Gap Normatif dan Substantif dalam Pelaksanaan Kewajiban Negara
Meskipun Indonesia, sebagai salah satu negara anggota PBB, telah memperkuat komitmen ini dengan meratifikasi delapan perjanjian internasional utama mengenai HAM dan memuat perlindungan HAM secara konstitusional dalam Pasal 28A-J Undang-Undang Dasar Negara Republik Indonesia Tahun 1945 , sering kali terdapat jurang pemisah yang lebar antara kerangka normatif dan implementasi substantif.
Analisis mendalam terhadap proses tinjauan periodik universal (UPR) di Dewan HAM PBB menunjukkan bahwa pelaporan oleh delegasi negara seringkali bersifat normatif dan instrumentalistik, berfokus pada ratifikasi konvensi dan pembentukan undang-undang.
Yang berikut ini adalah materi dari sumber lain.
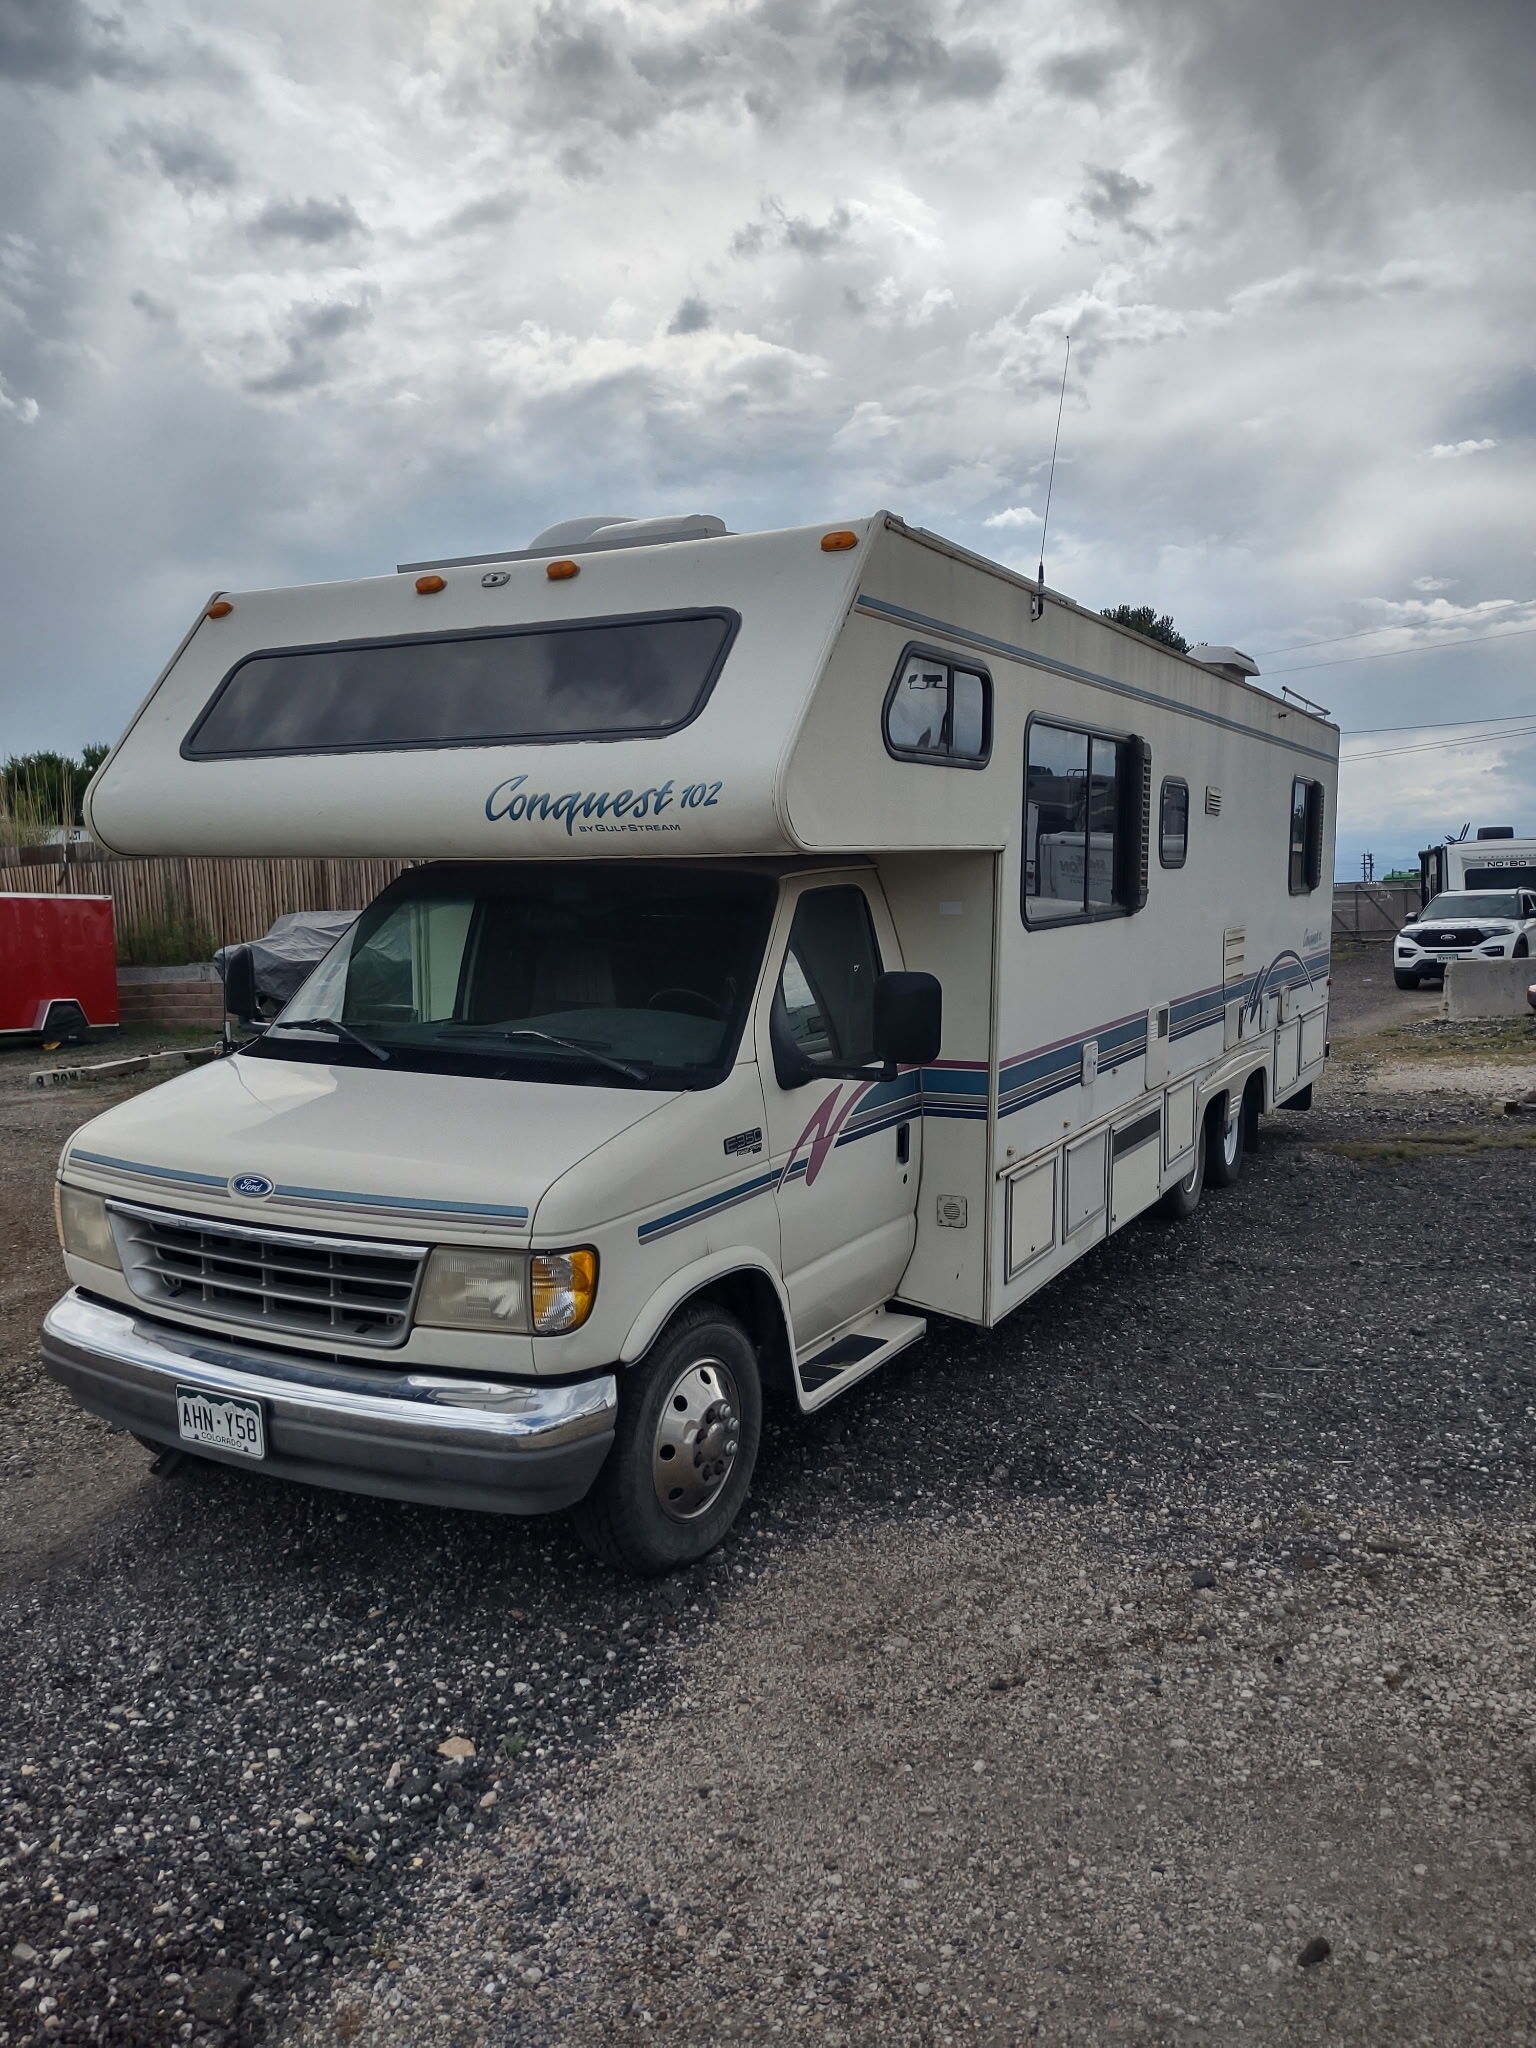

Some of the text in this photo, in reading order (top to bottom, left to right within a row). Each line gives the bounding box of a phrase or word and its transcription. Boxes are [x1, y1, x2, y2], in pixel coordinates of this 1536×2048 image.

[485, 774, 724, 837] Conquest 102
[578, 823, 682, 833] BY GULFSTREAM
[725, 1129, 762, 1154] E350
[240, 1178, 263, 1192] Ford
[201, 1431, 243, 1448] COLORADO
Namun, laporan tersebut cenderung mengabaikan (atau tidak melaporkan) apakah implementasi undang-undang tersebut telah dinikmati oleh masyarakat secara inklusif. Pelaksanaan kebijakan yang represif dan anti-demokrasi, serta produk kebijakan yang diskriminatif oleh negara itu sendiri, justru menjadi hambatan utama dalam implementasi HAM, menunjukkan kegagalan substantif negara dalam menjalankan kewajiban Melindungi dan Memenuhi. Kegagalan ini mengindikasikan bahwa masalah utama bukan terletak pada kurangnya hukum, tetapi pada kegagalan struktural untuk mentransformasikan komitmen hukum menjadi keadilan sosial yang merata bagi seluruh rakyat.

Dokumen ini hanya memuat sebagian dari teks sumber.